Title: Re: Function strMatchPattern
Post by: Charles Pegge on December 04, 2023, 02:29:47 PM
Interesting.

At first glance, it understands the algorithm well, though the optimization of early termination on an end wild-card would be incorrect for the purposes of the instrp returning a complete match-string. The en variable should also return the position following the last character of the match.

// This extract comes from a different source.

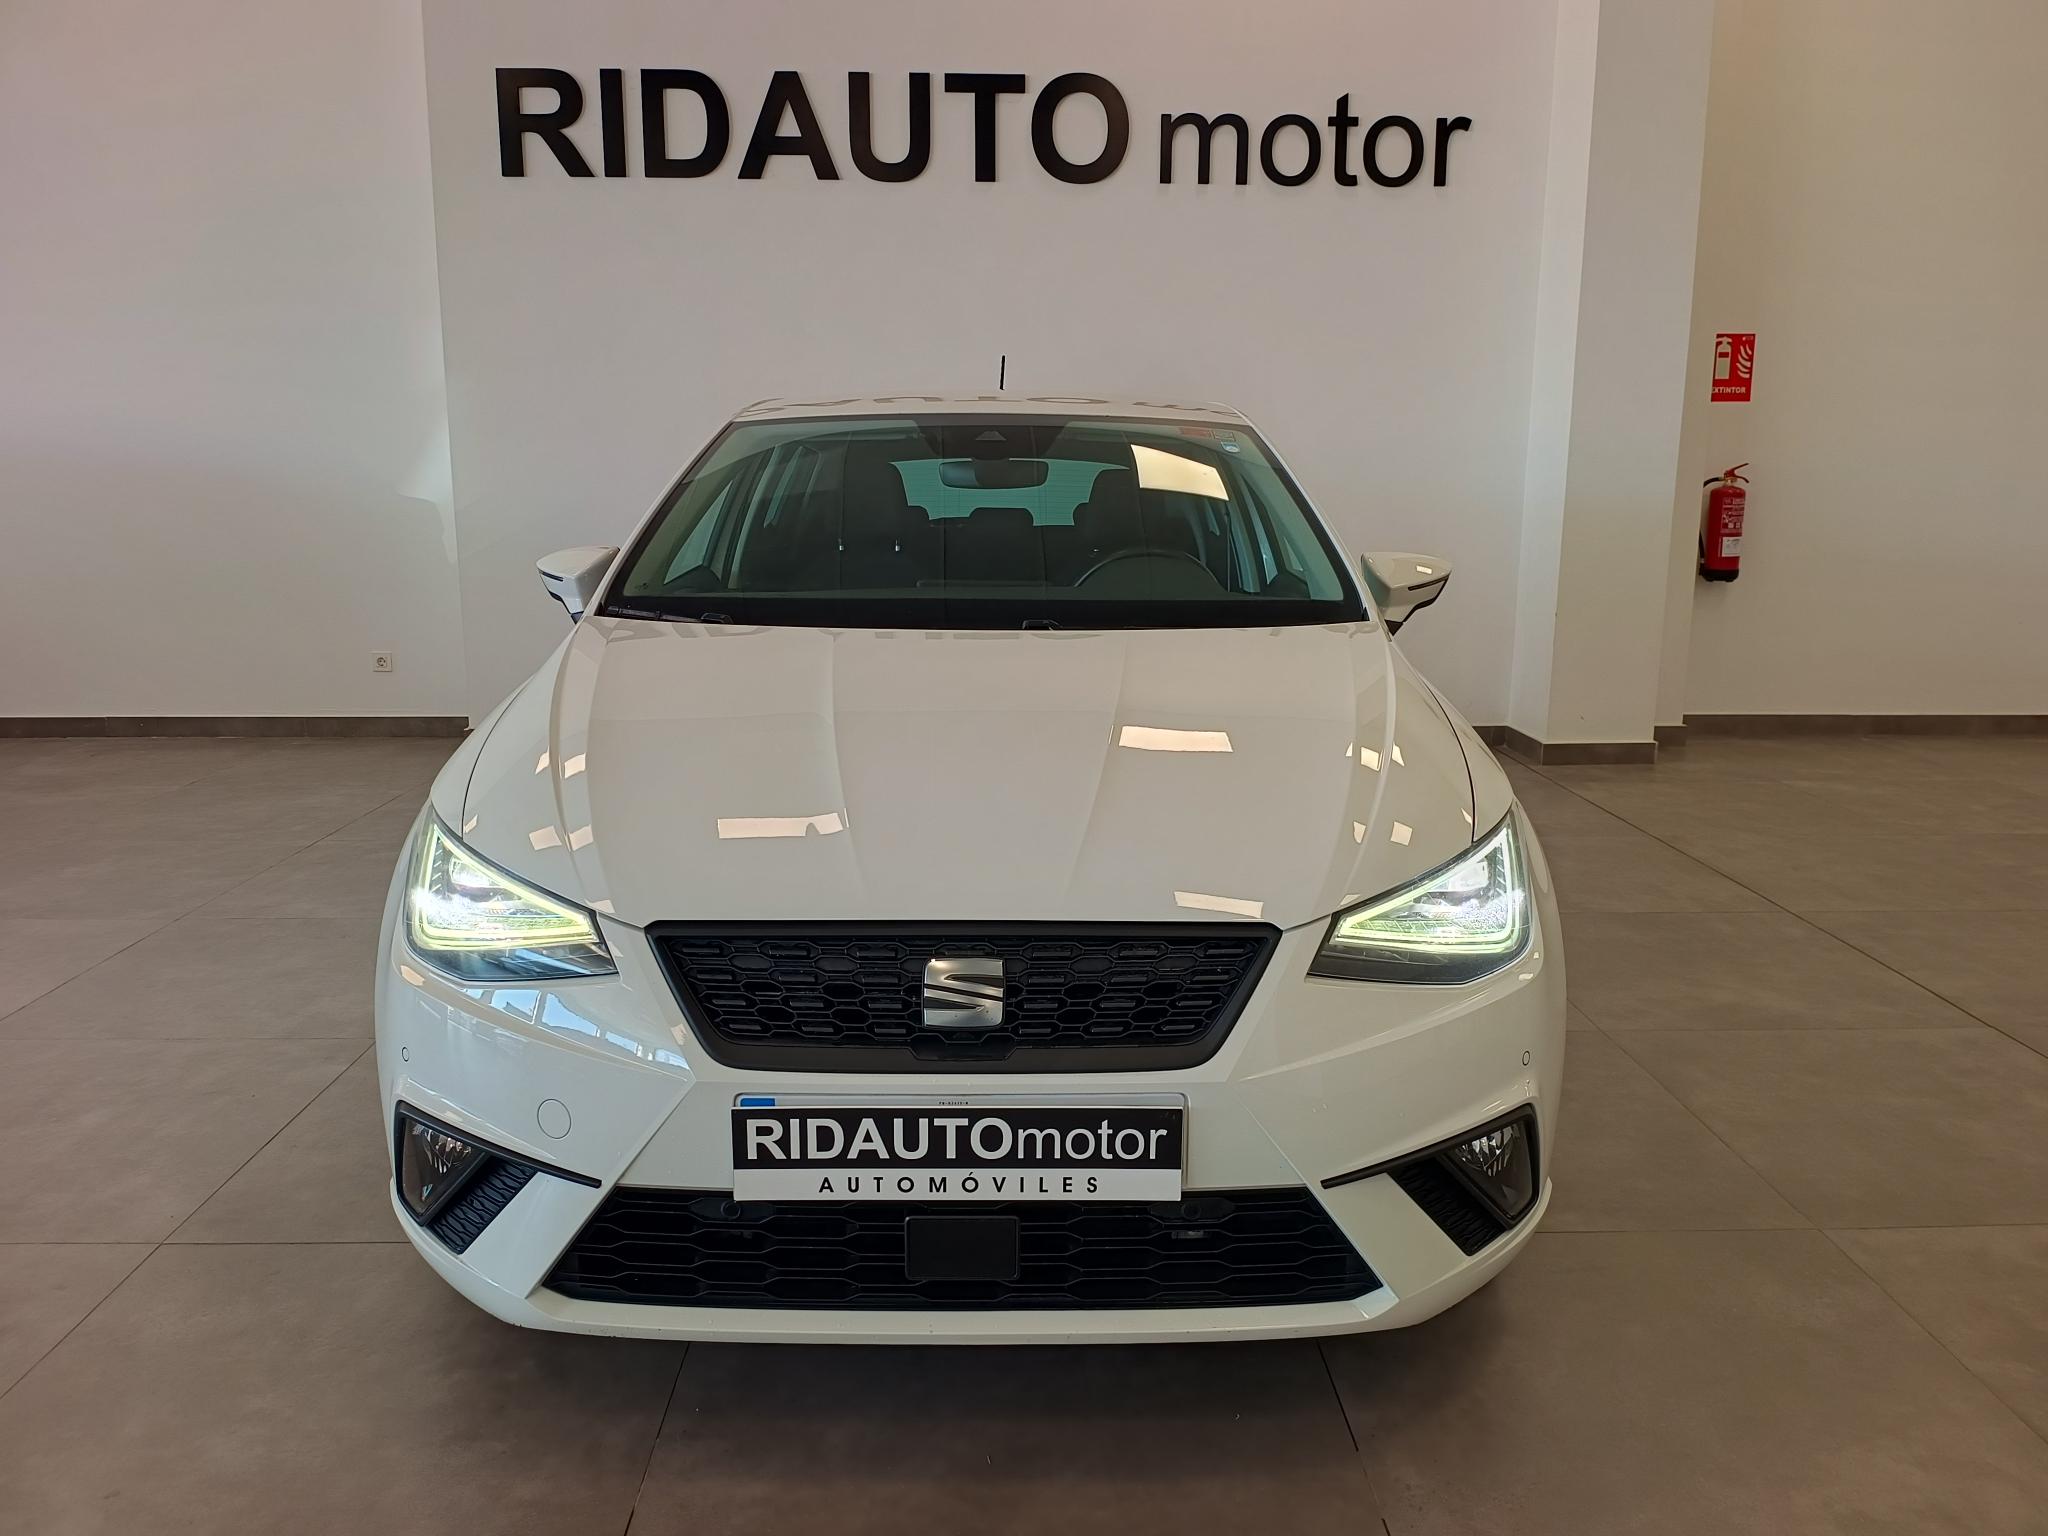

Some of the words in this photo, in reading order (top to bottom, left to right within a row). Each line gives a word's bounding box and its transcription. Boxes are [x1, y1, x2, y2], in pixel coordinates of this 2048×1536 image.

[496, 68, 1129, 184] RIDAUTO
[1160, 93, 1473, 187] motor
[746, 1117, 1168, 1160] RIDAUTOmotor
[818, 1172, 1099, 1194] AUTOMÓVILES

My variable annotations were also omitted, with the variables stacked with colons, thereby less easy to  read.
Title: Re: Function strMatchPattern
Post by: Pierre Bellisle on December 11, 2023, 11:30:50 PM
In PB, I use the best one from Wildcard matching algo (https://xoomer.virgilio.it/acantato/dev/wildcard/wildmatch.html#c_cpp_userjournal_algo)
Much faster than PathMatchSpec().
The ones you guys have seems real nice too...
Title: Re: Function strMatchPattern
Post by: Zlatko Vid on December 12, 2023, 08:27:51 AM
Charles

Maybe is your more complex but looking good to me
and i don't like using while-continue ugly construction
btw AI program simply crush,so not work for me.

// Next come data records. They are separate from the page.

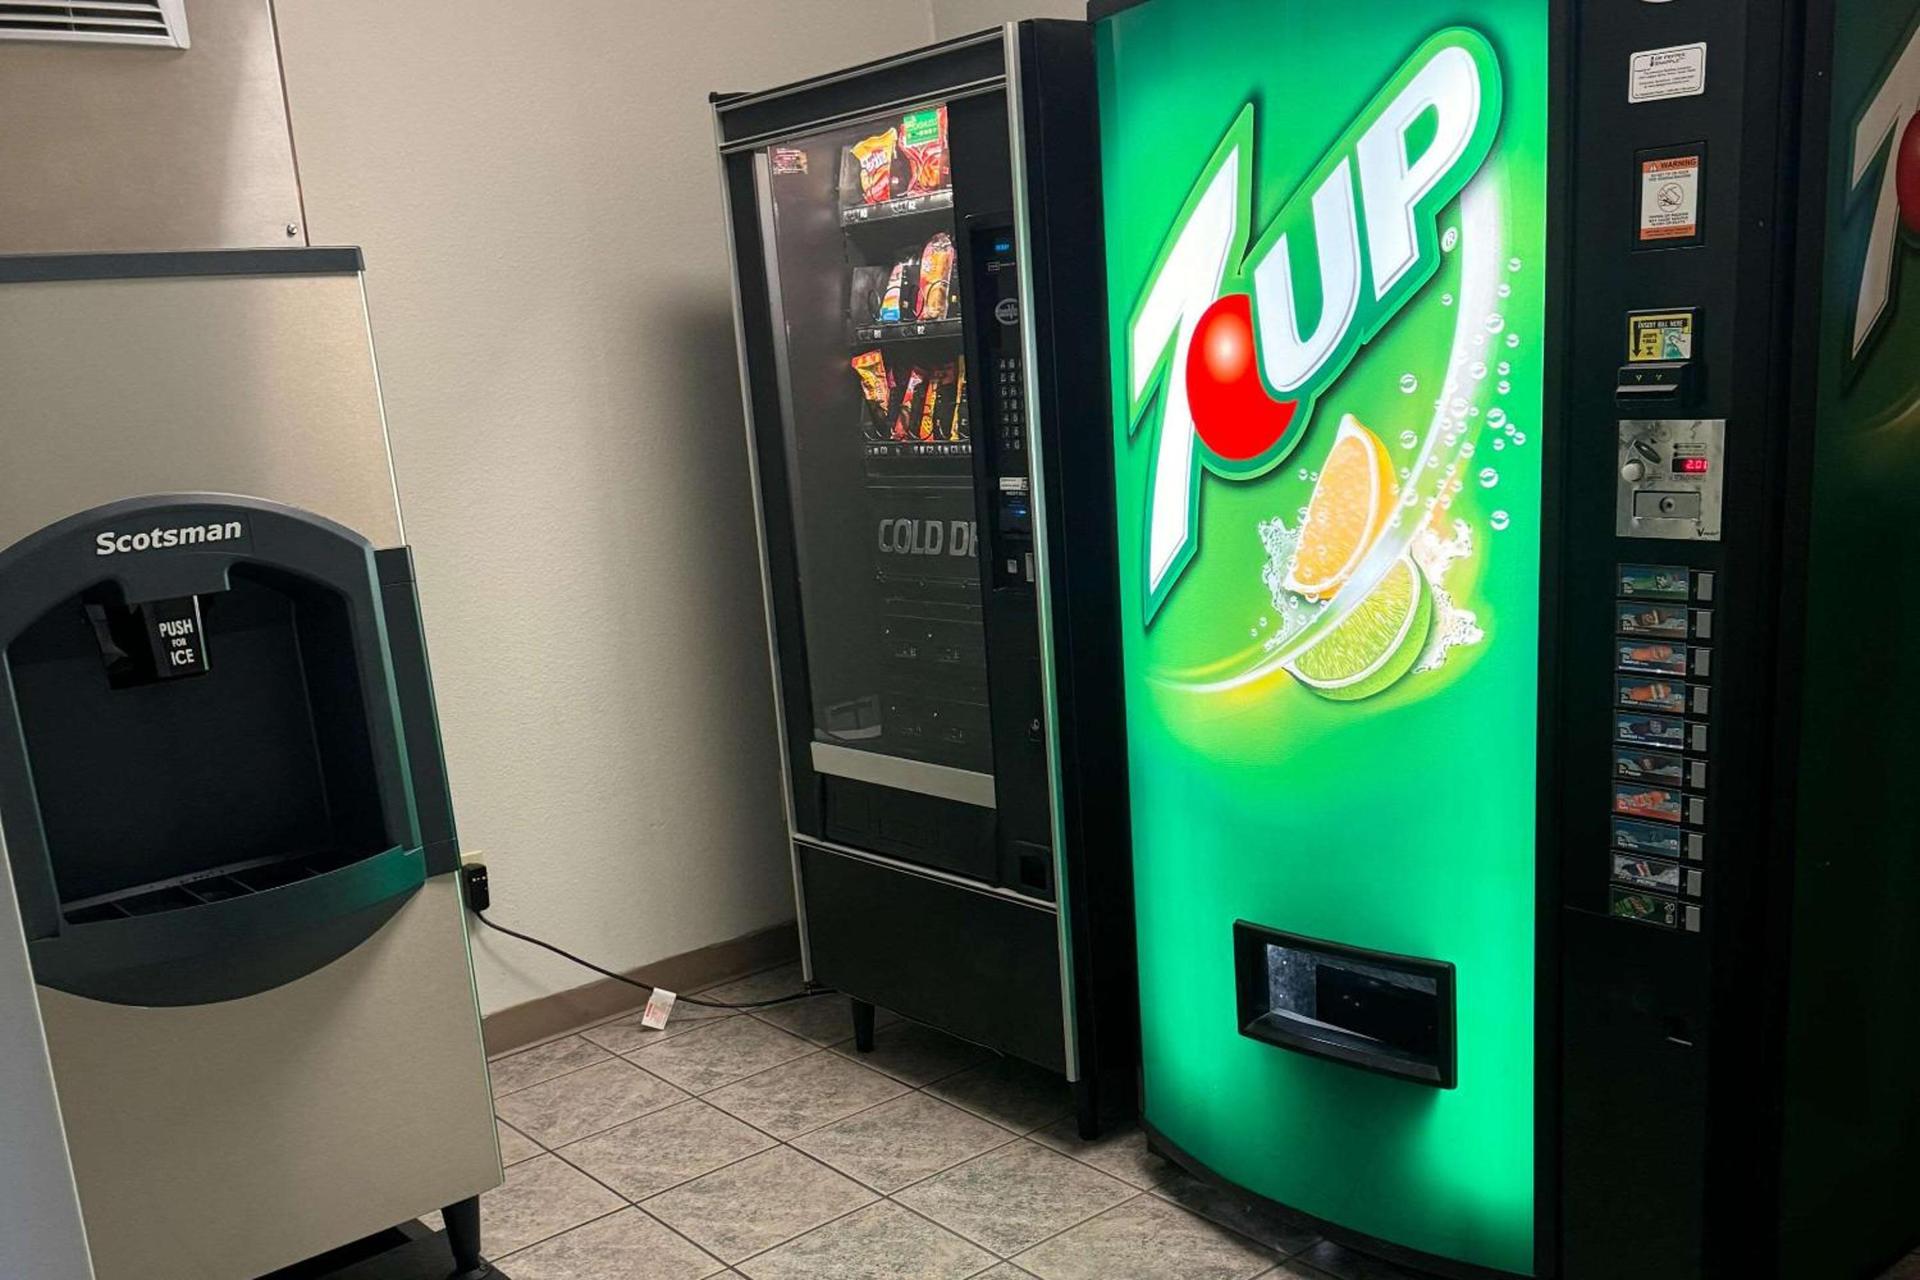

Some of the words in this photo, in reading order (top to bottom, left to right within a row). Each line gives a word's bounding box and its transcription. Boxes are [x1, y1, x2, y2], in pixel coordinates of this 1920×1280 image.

[1661, 158, 1697, 170] WARNING
[95, 519, 242, 556] Scotsman
[878, 518, 944, 556] COLD
[158, 618, 194, 638] PUSH
[171, 638, 187, 648] FOR
[169, 648, 195, 666] ICE

I think that pattern ..if we called "pattern" with same symbol like "*"
is to use some sort of lexer...but maybe i am wrong.
Title: Re: Function strMatchPattern
Post by: Charles Pegge on December 13, 2023, 07:35:18 AM
This is a sleeker version of my previous code-snake, that uses pointers instead of arrays to improve performance, and some redundant/repetitive lines have been removed:

'CP
'01/12/2023
'13/12/2023

uses console

'using pointers and null terminators
'case insensitive
'accepts char* and strings
'

indexbase 0
'mapping lowercase to uppercase
dim byte UpperCase[255]
int i
for i=0 to 255
  UpperCase[i]=i
next
for i=0x60 to 0x7a
  UpperCase[i]-=32
next

function instrp(int i,char *s,*p, int *en=0) as int
===================================================
'
'i   start position
's   string to search
'p   search string (with optional ? * wildcards
'en  boundary of found key string
'
en=0
'
if i<1
  i=1
endif
if not s
  return 0 'no source string
endif
if not p
  return 1 'no search string
endif
'
byte js at strptr(s) 'source string bytes
@js+=i-1             'instrp offset
byte jp at strptr(p) 'search string bytes
byte ks at @js       'next search start
byte kt at @js       'current search start
byte *kf             'prev key wild card position
byte *kg             'prev source wild card position
int fs=0             'found index in s
int star             'wildcard flag

ScanBytes:
==========
do
'
if jp=0
  if star=0
    en=@js-strptr(s)+1
    return @kt-strptr(s)+1 ' 'success
  endif
elseif js=0
  return 0 'fail
endif
if ks=js
  @ks=@js 'update restart pos
endif
while jp=42
  @jp++
  star=1
wend
byte *us,*up
@us=@UpperCase+js
@up=@UpperCase+jp
if (us=up) or (jp=63) 'possible match char
  @jp++
  @js++
  if star
    'these pointers used for resuming wild card
    @kf=@jp-2
    @kg=@js
    if js=0
      @js--
    endif
    star=0
  endif
  continue do
endif 'match
if star 'no need to match
  @js++ 'next char
  continue do
endif
'mismatching chars
if @kf
  'prev wildcard positions
  @jp=@kf
  @js=@kg
  @kf=0
  @kg=0
  continue do
endif
if ks=63
  @ks=@kt '?' was wildcard start
endif
if @ks=@kt
  @ks++ 'nudge fwd
endif
@kt=@ks
@js=@ks 'restart search
@jp=strptr(p) 'reset pattern
'
end do
end function
'
'test cases
===========
int en
def pr
  output %1 + tab + str(instrp(1,s,%1,en)) + tab + str(en) + cr
end def
string s="aabcdefghijklmmnopqrstuvwxyz"
pr "a"
pr "aa"
pr "ab"
pr "abz"
pr "xyz"
pr "mno"
print "----------" cr
pr "m?o"
pr "m??"
pr "m??p"
pr "??m"
print "----------" cr
pr "*m"
pr "m*"
pr "m*z"
pr "m*k*z"
pr "k*m*z"
pr "m*n"
pr "a*b"
print "----------" cr
pr "a?*c"
pr "c?d"
pr "c*d"
pr "c?*e"
pr "c**f"
pr "c*??f"
pr "c*??g"
pr "c??*g"
print "----------" cr
int en
print str(instrp(1,s,"c??*g", en)) cr
print str(en) cr

print "----------" cr

s="abcdefghijklmmabcdefghijklmn"
int b
b=instrp(1,s,"d*lmm",en)
print str(b) " - " str(en) cr
print mid(s,b,en-b) cr
print str(instrp(1,s,"d*lmn",en)) " - " str(en) cr
print cr "ok" cr
wait

PS: correction to patterns ending with '*'